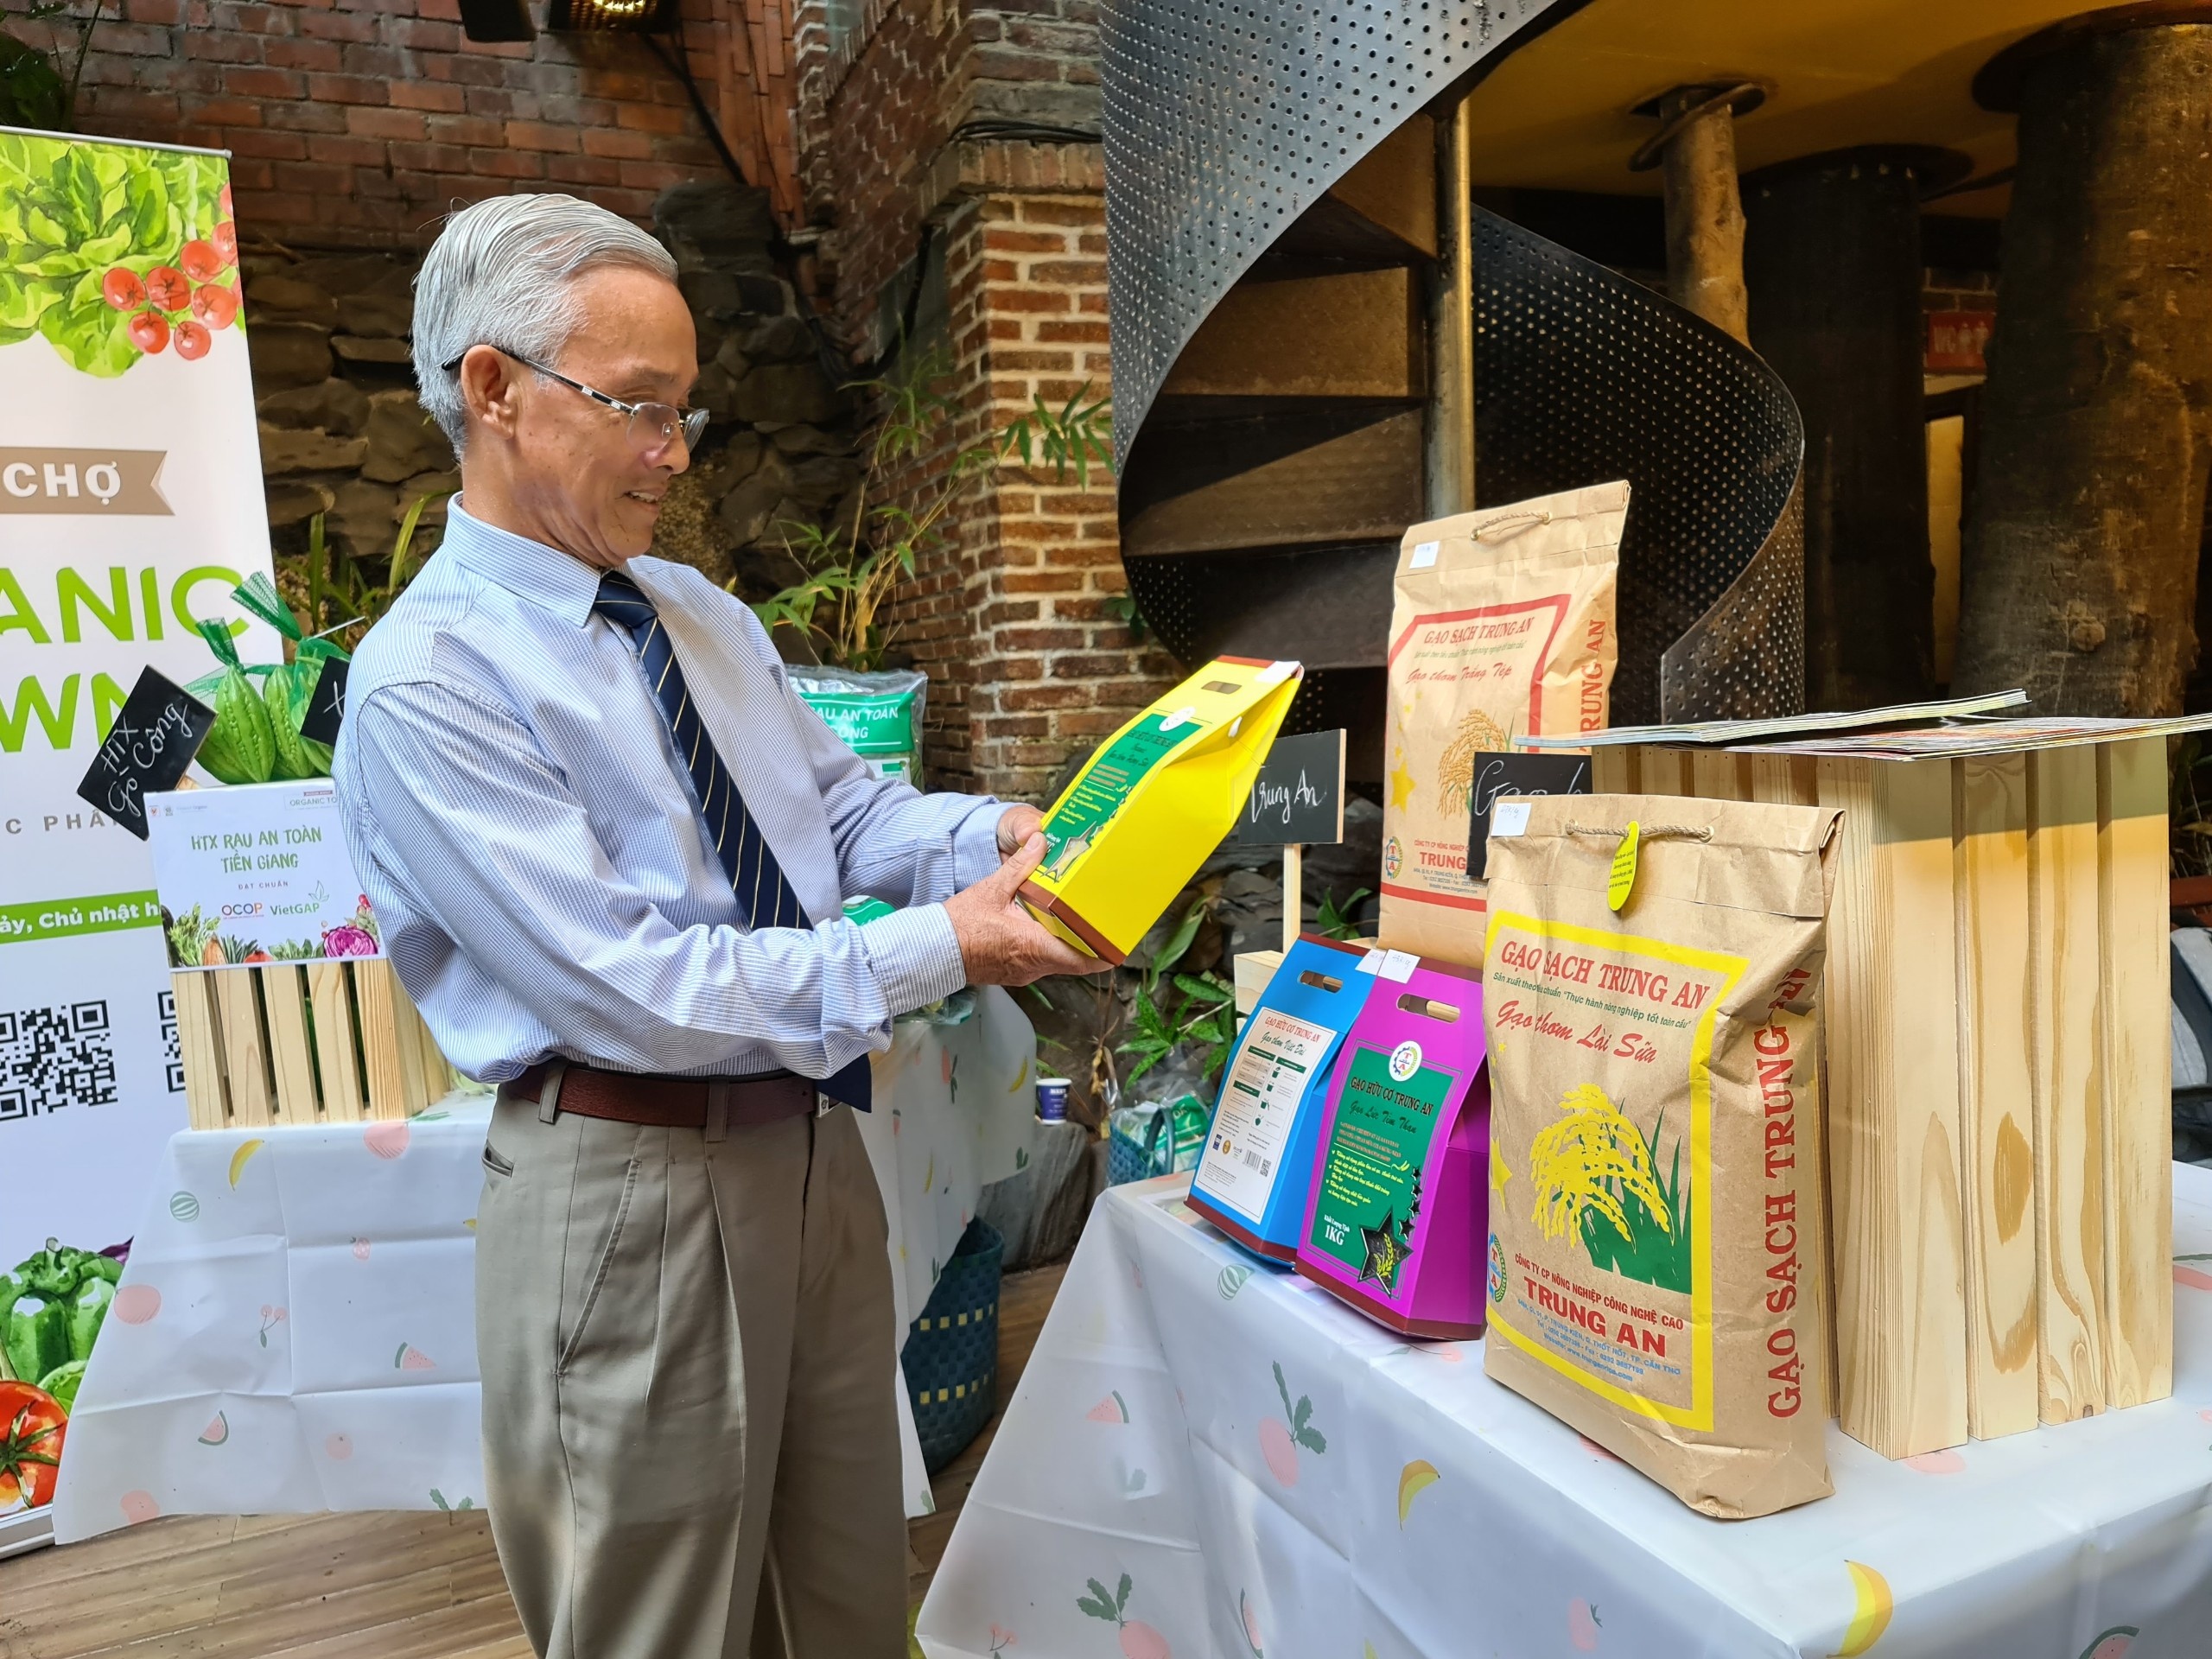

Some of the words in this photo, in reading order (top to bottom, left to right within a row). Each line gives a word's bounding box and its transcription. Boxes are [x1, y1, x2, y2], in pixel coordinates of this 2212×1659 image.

[3, 461, 122, 505] CHỢ
[1424, 630, 1449, 646] GẠO
[1450, 626, 1478, 645] SẠCH
[1478, 620, 1517, 639] TRUNG
[1516, 616, 1535, 633] AN
[1586, 619, 1606, 654] AN
[132, 702, 194, 770] Công
[840, 709, 861, 721] AN
[99, 715, 138, 772] HTX
[191, 835, 218, 851] HTX
[223, 833, 252, 849] RAU
[259, 830, 278, 846] AN
[283, 824, 322, 844] TOÀN
[1419, 851, 1466, 870] TRUNG
[38, 907, 84, 928] Chủ
[89, 904, 140, 924] nhật
[221, 903, 264, 916] OCOP
[270, 902, 321, 916] VietGAP
[1501, 940, 1543, 973] GẠO
[1542, 950, 1596, 984] SẠCH
[1597, 963, 1669, 1003] TRUNG
[1671, 981, 1711, 1010] AN
[1493, 971, 1505, 982] Sản
[1506, 976, 1522, 987] xuất
[1522, 980, 1538, 991] theo
[1585, 996, 1603, 1009] hành
[1617, 1006, 1644, 1020] nghiệp
[1647, 1012, 1659, 1024] tốt
[1660, 1016, 1675, 1027] toàn
[1495, 1000, 1533, 1030] Gạo
[1535, 1011, 1573, 1039] thơm
[1576, 1023, 1612, 1052] Lài
[1612, 1033, 1657, 1064] Sữa
[1351, 1077, 1366, 1092] GẠO
[1366, 1082, 1382, 1097] HỮU
[1382, 1088, 1395, 1101] CƠ
[1394, 1092, 1421, 1111] TRUNG
[1420, 1102, 1433, 1116] AN
[1754, 1023, 1796, 1179] TRUNG
[1325, 1224, 1344, 1246] 1KG
[1765, 1189, 1802, 1312] SẠCH
[1515, 1252, 1530, 1270] CÔNG
[1530, 1262, 1540, 1274] TY
[1541, 1268, 1550, 1280] CP
[1551, 1272, 1571, 1291] NÔNG
[1572, 1282, 1602, 1304] NGHIỆP
[1603, 1295, 1628, 1315] CÔNG
[1630, 1306, 1657, 1325] NGHỆ
[1661, 1314, 1684, 1331] CAO
[1523, 1275, 1606, 1338] TRUNG
[1616, 1322, 1666, 1358] AN
[1768, 1327, 1802, 1419] GẠO

= = =

• _Brief_:
Pick out the lines above containing the word "SẠCH", then copy them.

• _The completed task_:
[1450, 626, 1478, 645] SẠCH
[1542, 950, 1596, 984] SẠCH
[1765, 1189, 1802, 1312] SẠCH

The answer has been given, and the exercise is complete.